Everything in the records below is to be reproduced exactly, apart from the images.

------------------------------------------------------------------------

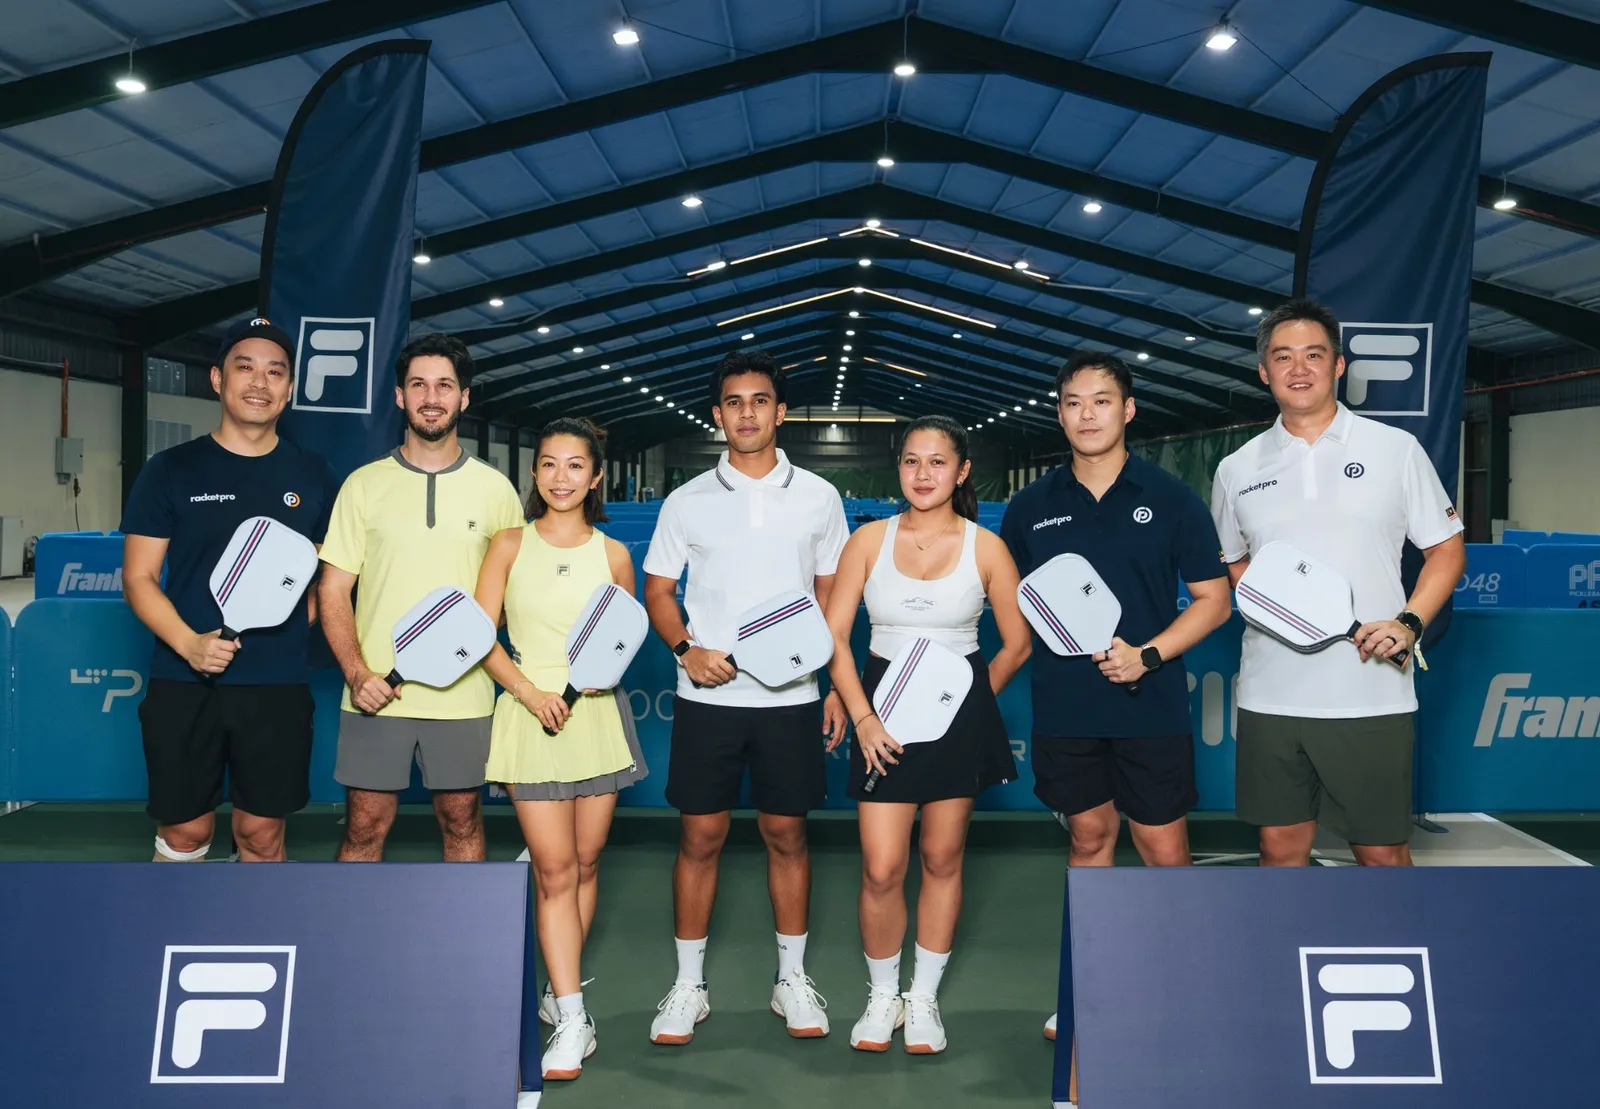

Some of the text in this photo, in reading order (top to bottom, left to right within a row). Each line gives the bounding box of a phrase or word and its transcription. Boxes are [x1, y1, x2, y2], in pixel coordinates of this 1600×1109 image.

[305, 329, 364, 401] F
[1346, 334, 1420, 405] F
[190, 493, 235, 503] racketpro
[1033, 515, 1072, 531] racketpro
[1473, 673, 1600, 747] fran
[172, 962, 277, 1069] F
[1318, 964, 1415, 1070] F

------------------------------------------------------------------------

#### EXERCISE OUTPUT:
Some of the text in this photo, in reading order (top to bottom, left to right within a row). Each line gives the bounding box of a phrase or word and its transcription. Boxes are [x1, y1, x2, y2], in pixel coordinates of this 1600×1109 image.

[305, 329, 364, 401] F
[1346, 334, 1420, 405] F
[190, 493, 235, 503] racketpro
[1033, 515, 1072, 531] racketpro
[1473, 673, 1600, 747] fran
[172, 962, 277, 1069] F
[1318, 964, 1415, 1070] F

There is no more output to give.